▶ [Task to carry out]:
The line that contains "Some of the words" and all lines following it to the end of the data below: set these down exactly, and nothing besides.

▶ [Input for this task]:
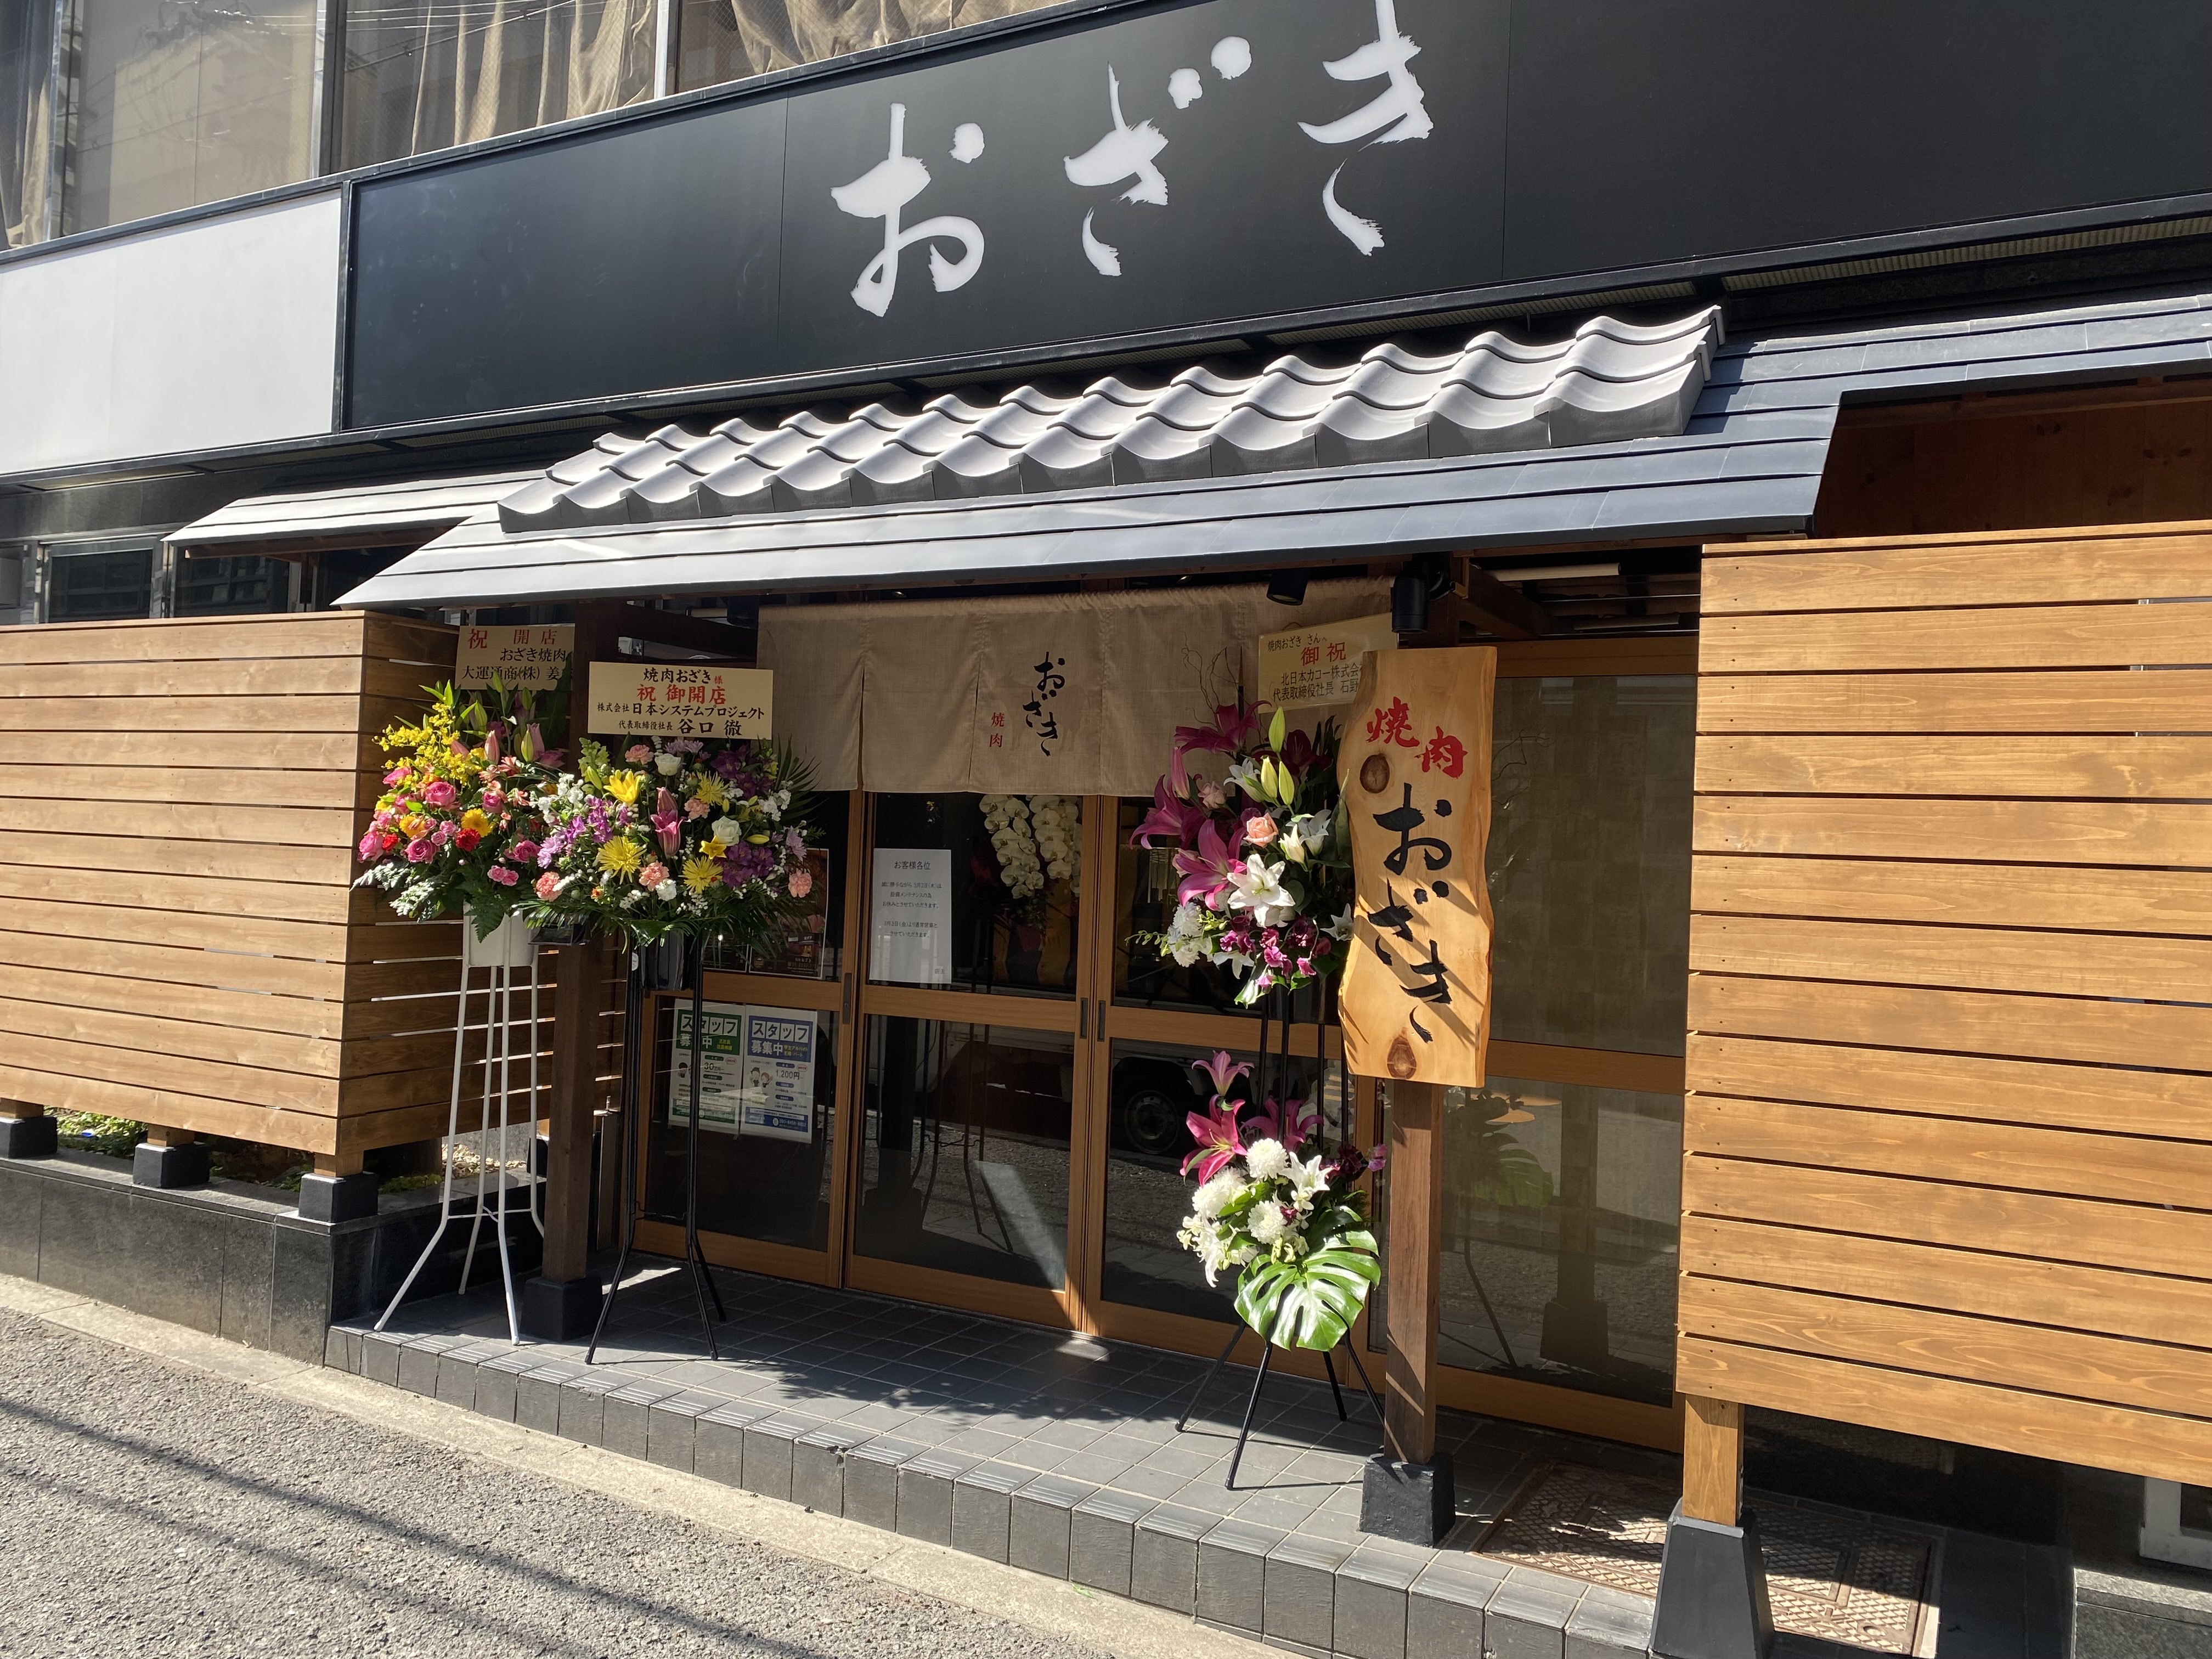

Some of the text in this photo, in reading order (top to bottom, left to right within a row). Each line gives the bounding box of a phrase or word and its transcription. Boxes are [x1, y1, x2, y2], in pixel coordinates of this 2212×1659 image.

[831, 0, 1434, 317] おざき
[467, 628, 557, 649] 祝 開店
[1268, 633, 1328, 652] 焼肉おざき さんへ
[500, 647, 566, 662] おざき焼肉
[1300, 642, 1347, 667] 御祝
[636, 684, 727, 705] 祝 御開店
[1273, 681, 1334, 702] 代表取締役社長
[1023, 651, 1065, 757] おざき
[677, 719, 713, 734] 谷口
[989, 712, 1005, 748] 焼肉
[894, 860, 931, 870] お客様各位
[1367, 783, 1453, 1043] おざき
[680, 1034, 713, 1049] 募中
[753, 1022, 808, 1040] スタッフ
[751, 1040, 783, 1056] 募集中
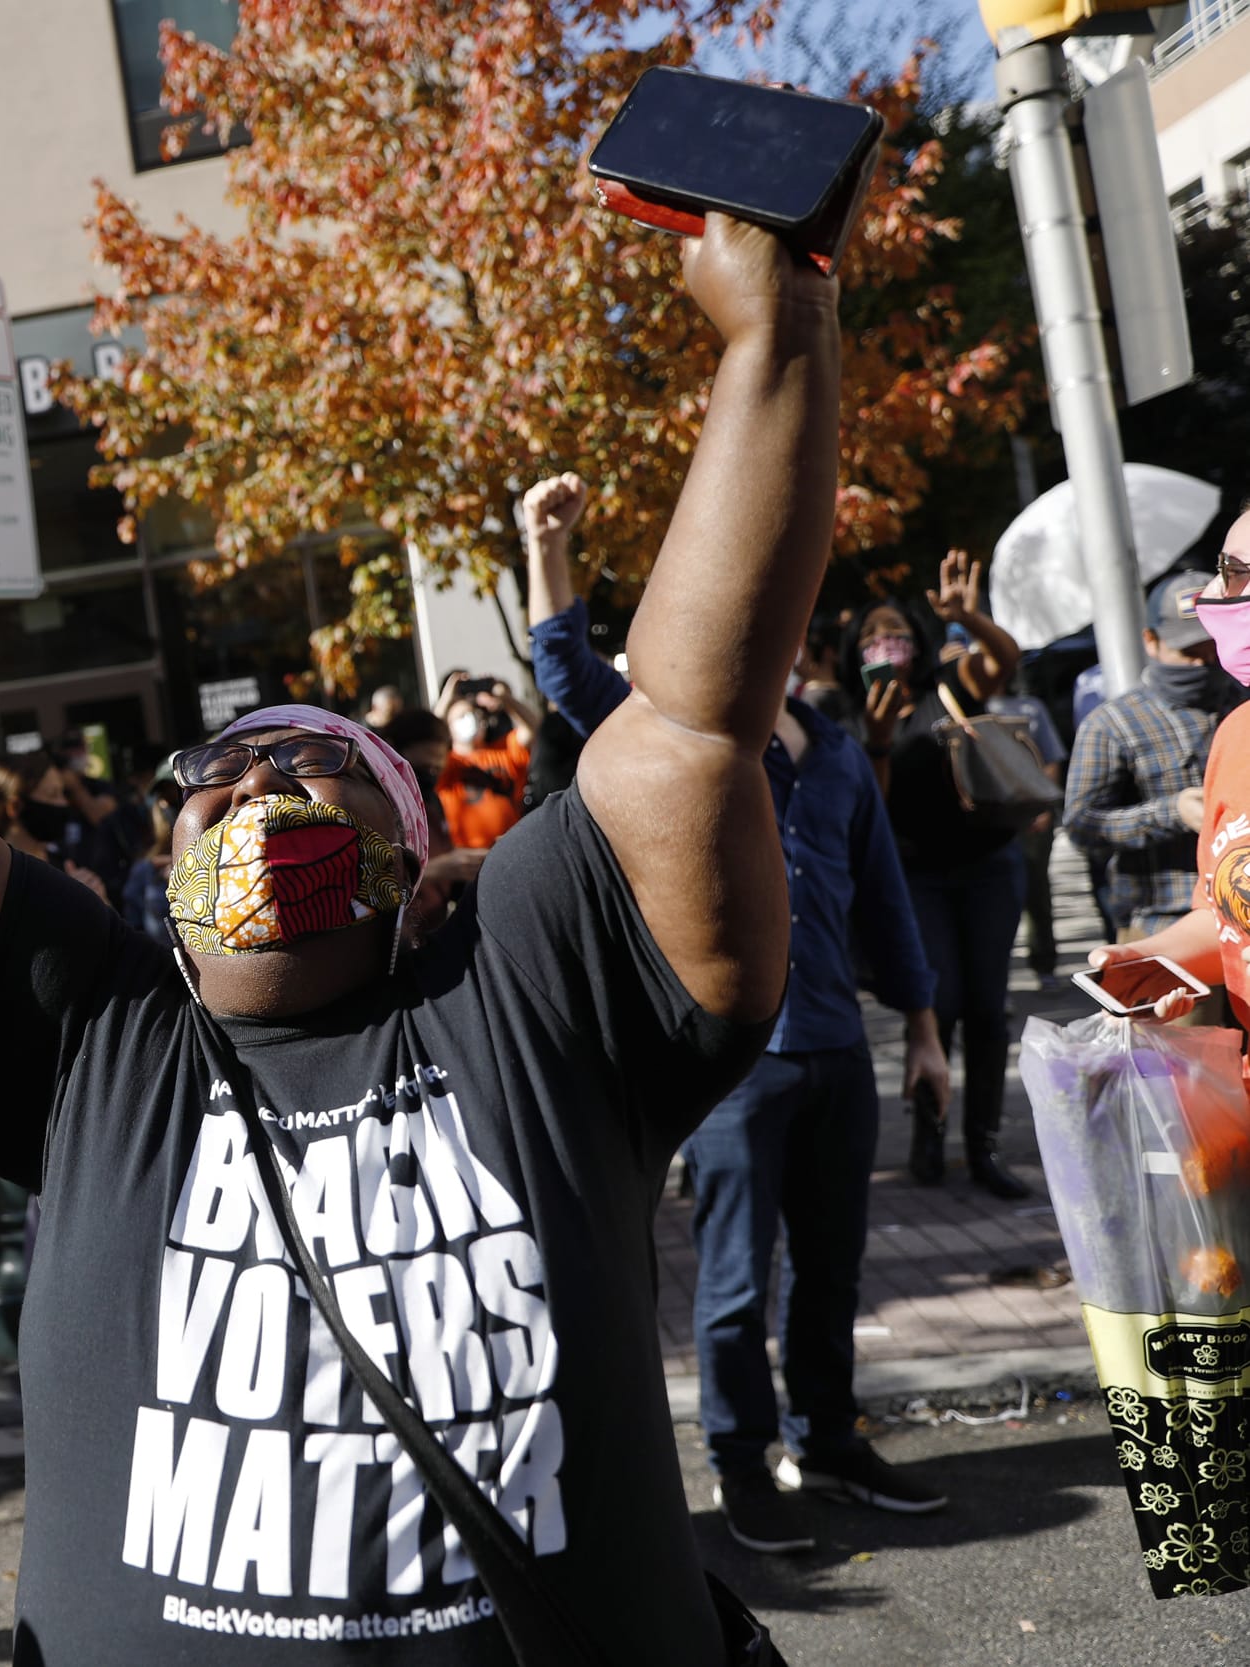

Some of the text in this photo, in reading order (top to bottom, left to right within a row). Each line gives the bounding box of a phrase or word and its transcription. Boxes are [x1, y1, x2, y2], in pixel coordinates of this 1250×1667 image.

[168, 1092, 524, 1268] BLACK
[156, 1231, 558, 1427] VOTERS
[1151, 1333, 1202, 1351] MARKET
[122, 1399, 568, 1599] MATTER
[163, 1595, 494, 1641] BlackVotersMatterFund.o
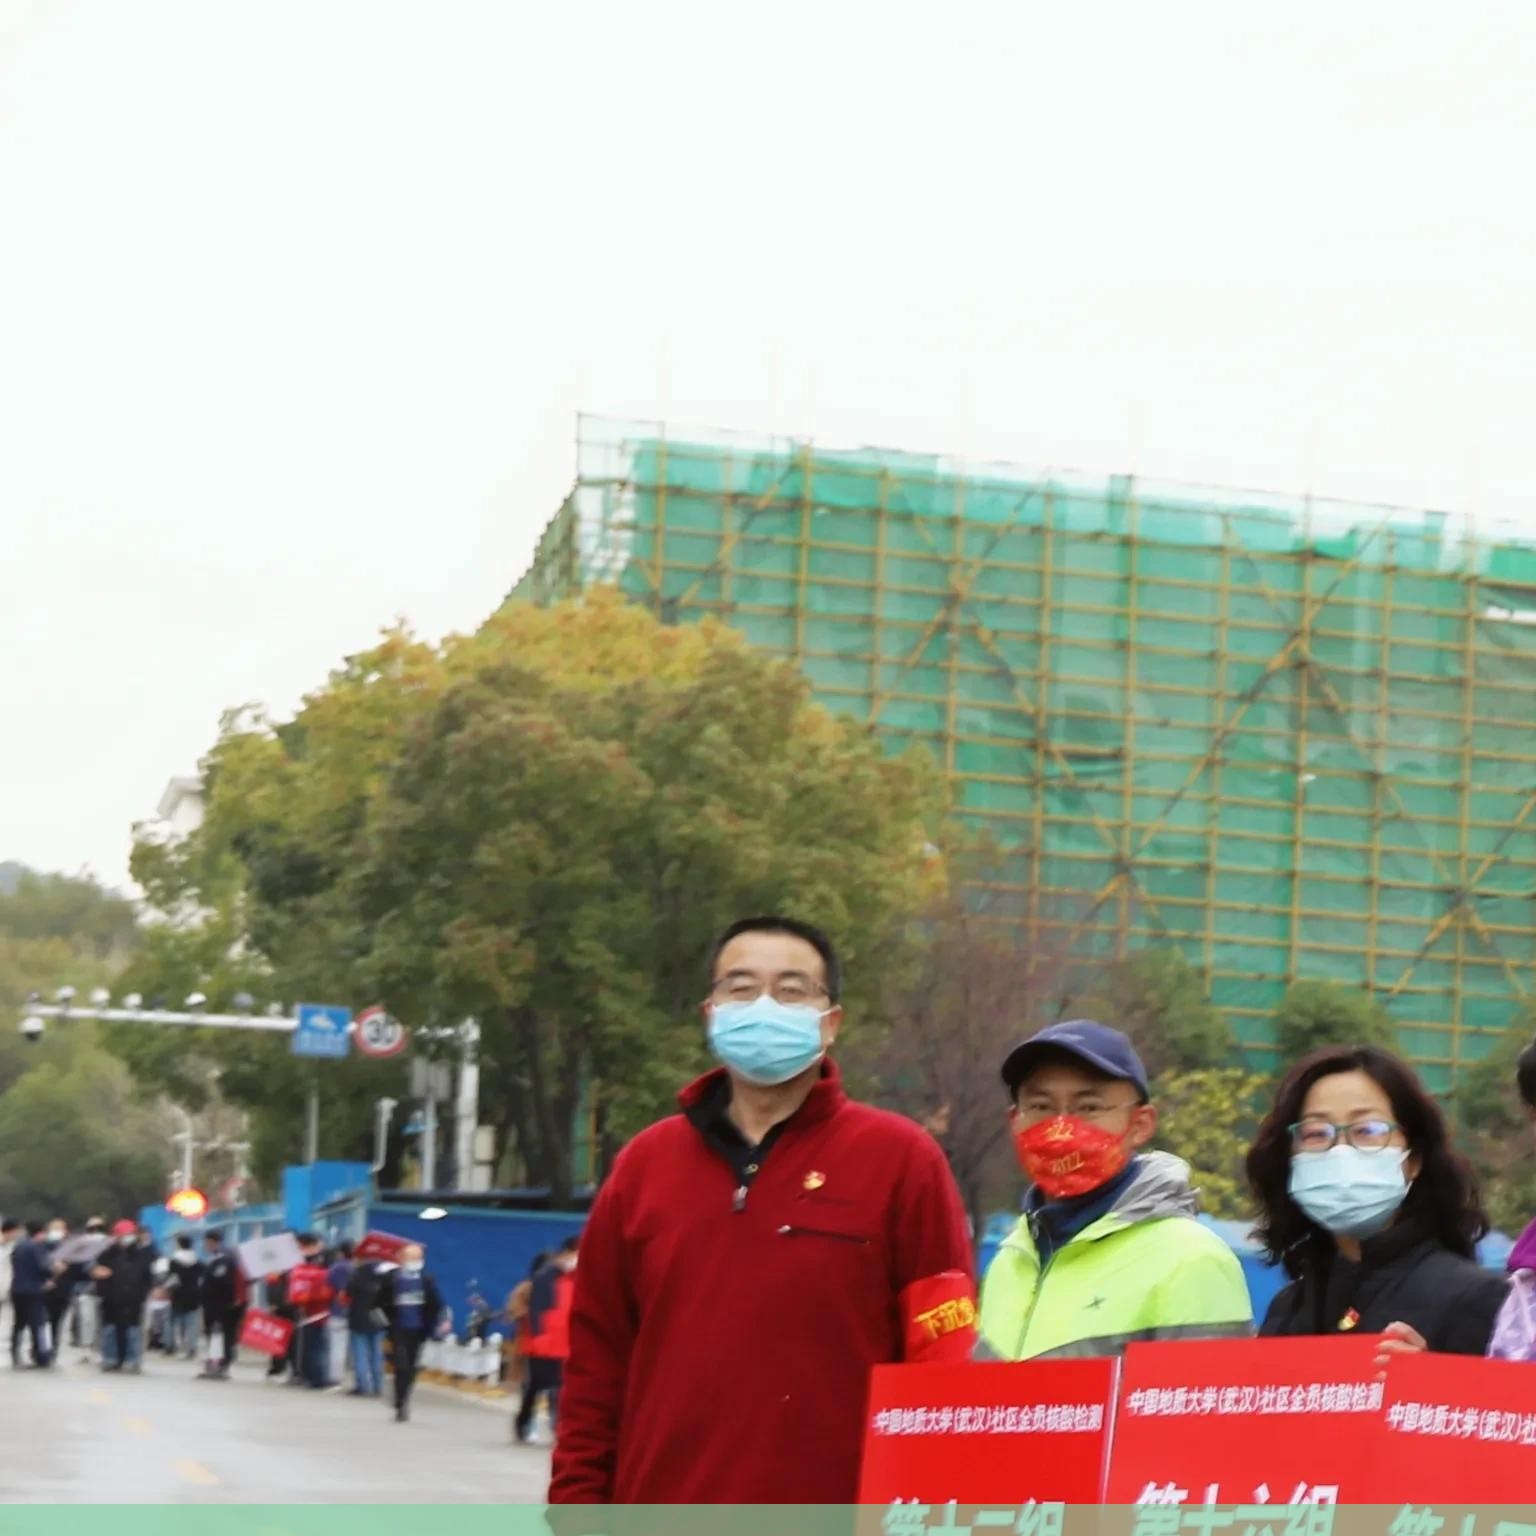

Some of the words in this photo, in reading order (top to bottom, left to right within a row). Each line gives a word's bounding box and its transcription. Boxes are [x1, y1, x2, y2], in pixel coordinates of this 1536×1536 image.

[1125, 1381, 1386, 1416] 中国地质大学(武汉)社区全员核酸检测
[872, 1402, 1103, 1435] 中国地质大学(武汉)社区全员核酸检测

▶ [Exercise response]:
Some of the words in this photo, in reading order (top to bottom, left to right within a row). Each line gives a word's bounding box and its transcription. Boxes are [x1, y1, x2, y2], in pixel coordinates of this 1536×1536 image.

[1125, 1381, 1386, 1416] 中国地质大学(武汉)社区全员核酸检测
[872, 1402, 1103, 1435] 中国地质大学(武汉)社区全员核酸检测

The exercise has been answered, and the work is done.